Awarding damages requires proving financial harm, and in laying out its arguments, Energy Transfer Partners seeks restitution for Greenpeace’s role in a divestment campaign to pressure lenders and investors to drop out of the project. In many ways, the suit affirms the success of the movement. As Greenpeace, Indigenous activists, and other protesters (including me) held demonstrations at physical bank locations, encouraged the closure of personal bank accounts and demanded meetings with executives, the dominoes began to fall.
Energy Transfer Partners was forced to field queries from DAPL’s financial backers, and as the campaign escalated, stakeholders began to drop the project. ABN AMRO announced it would not pursue new business with Energy Transfer Partners. Five other banks sold their shares in Energy Transfer Partners and/or the pipeline loan.
In the lawsuit, Energy Transfer Partners seeks retribution for the everyday type of advocacy employed by the divestment campaign. The suit alleges that the rhetoric Greenpeace employed in organizational letters, meetings, social media posts and email campaigns amounted to a defamation campaign impacting relationships with investors and creditors. While Energy Transfer Partners has denied that its suit infringes upon free speech, the suit has been widely condemned as a SLAPP, with ramifications for advocacy and civil society.
“The first thing a libel defense attorney says to a client being sued, is ‘don’t say another word on this matter,’” said Ludington. “These suits are absolutely a way to shut people up.”

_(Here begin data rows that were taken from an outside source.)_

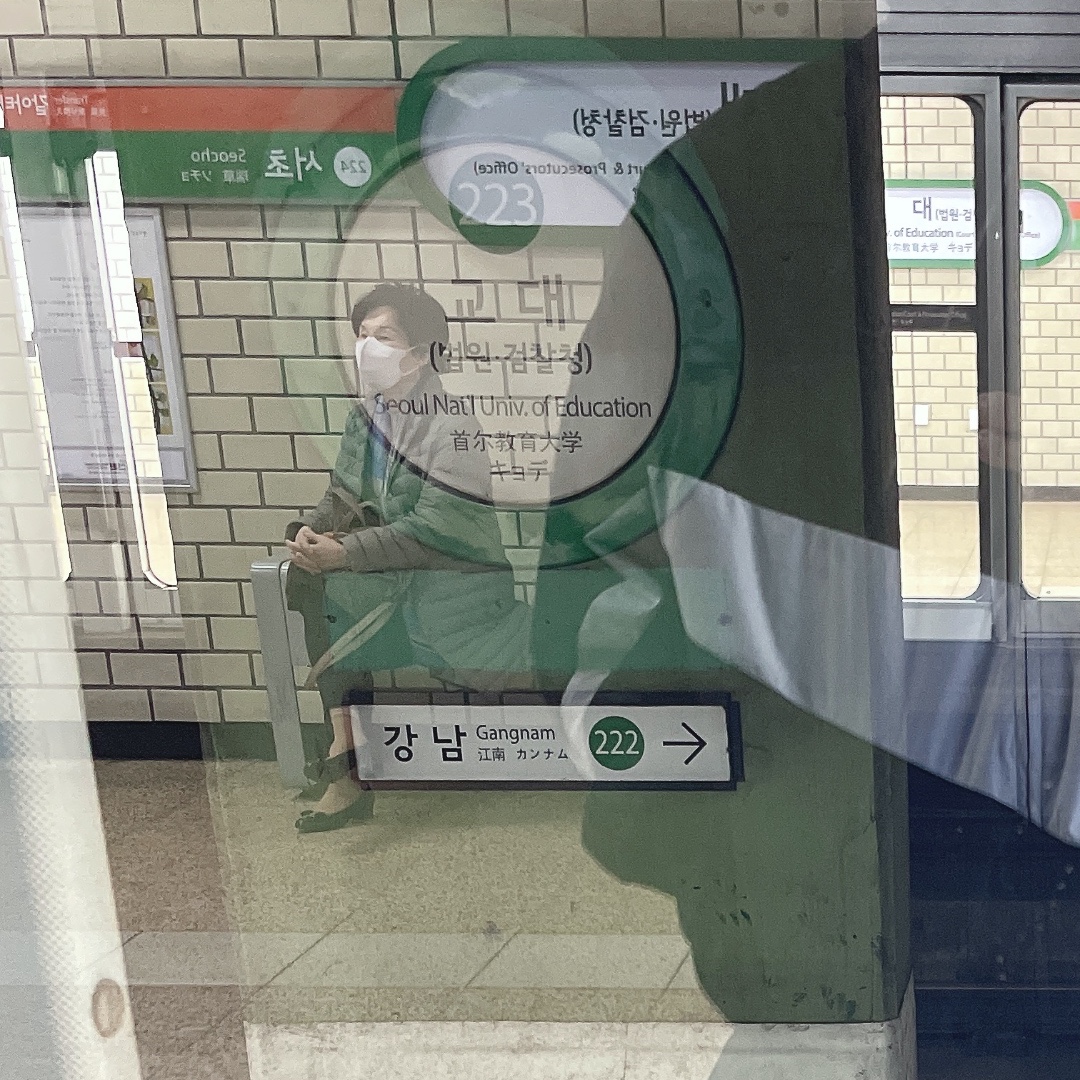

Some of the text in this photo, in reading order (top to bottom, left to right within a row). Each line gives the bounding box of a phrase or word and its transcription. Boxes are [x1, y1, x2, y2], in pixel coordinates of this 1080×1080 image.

[458, 182, 537, 226] 223
[894, 227, 904, 238] of
[905, 227, 954, 238] Education
[430, 341, 593, 375] (법원·검찰청)
[433, 393, 476, 416] Nat'l
[479, 395, 529, 417] Univ.
[532, 395, 550, 417] of
[555, 395, 652, 418] Education
[450, 430, 583, 454] 首尔教育大学
[489, 459, 549, 482] キョデ
[476, 724, 556, 743] Gangnam
[594, 729, 640, 756] 222
[477, 746, 569, 762] 江南 カンナム

Striking a Defiant Posture
The suit has a gloomy outlook in North Dakota, where DAPL protests were assessed largely negatively by surrounding (predominantly white) communities. Ludington noted that North Dakota courts have not made sympathetic rulings toward protesters suing over police misconduct. Earlier this year, a dark money group mailed the potential jury pool fake newspapers maligning the protests and lauding Energy Transfer.

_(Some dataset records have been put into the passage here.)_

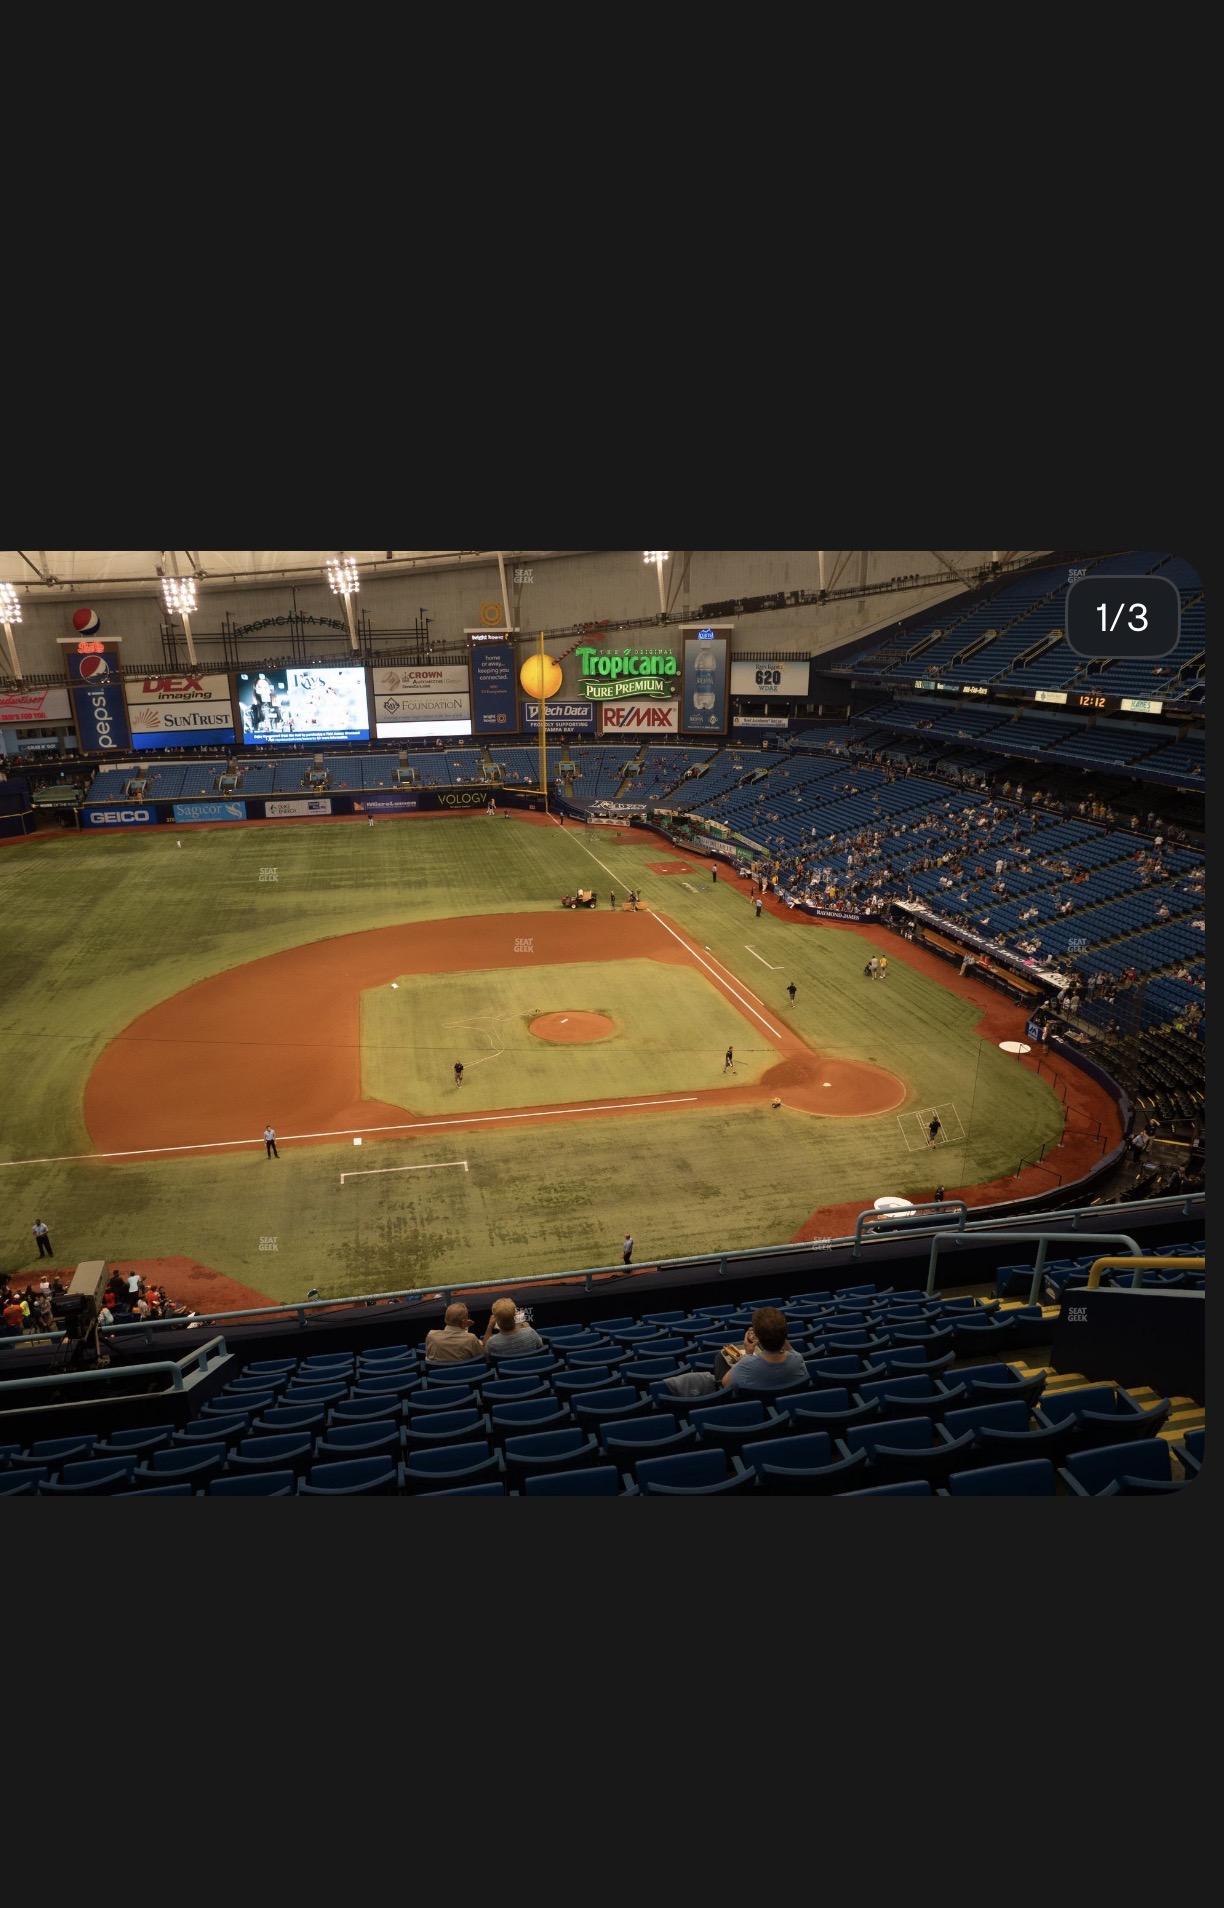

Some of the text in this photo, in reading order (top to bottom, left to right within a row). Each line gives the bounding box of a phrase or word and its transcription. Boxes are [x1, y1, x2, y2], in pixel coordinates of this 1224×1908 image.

[234, 616, 316, 638] TROPICANA
[576, 647, 677, 679] Tropicana
[409, 671, 442, 679] CROWN
[756, 671, 780, 685] 620
[143, 677, 203, 693] DEX
[586, 680, 664, 697] PURE PREMIUM
[158, 691, 212, 700] imaging
[1080, 695, 1106, 708] 12:12
[403, 699, 463, 711] FOUNDATION
[564, 706, 589, 716] Data
[88, 691, 117, 748] pepsi
[604, 707, 673, 728] RE/MAX
[438, 793, 487, 805] VOLOGY
[90, 810, 150, 824] GEICO
[176, 804, 221, 818] Sagicor
[816, 909, 843, 918] RAYMOND

Greenpeace has struck a defiant tone, and will appeal to state and federal Supreme Courts if necessary. The organization launched a “We Will Not Be Silenced” campaign, looping in grassroots supporters and civil society. Over 290 organizations signed a letter of solidarity. (Disclosure: My former employer, a nonprofit organization called Defending Rights & Dissent, is a signatory.) In the face of a SLAPP suit intended to dissuade future advocacy, Greenpeace’s defiant tone sends a critical message to the rest of civil society.
The suit “is meant to silence us,” said Greenpeace USA National Program Director Rolf Skar. “And in response we need to give them the exact opposite, to show that this tactic backfires.”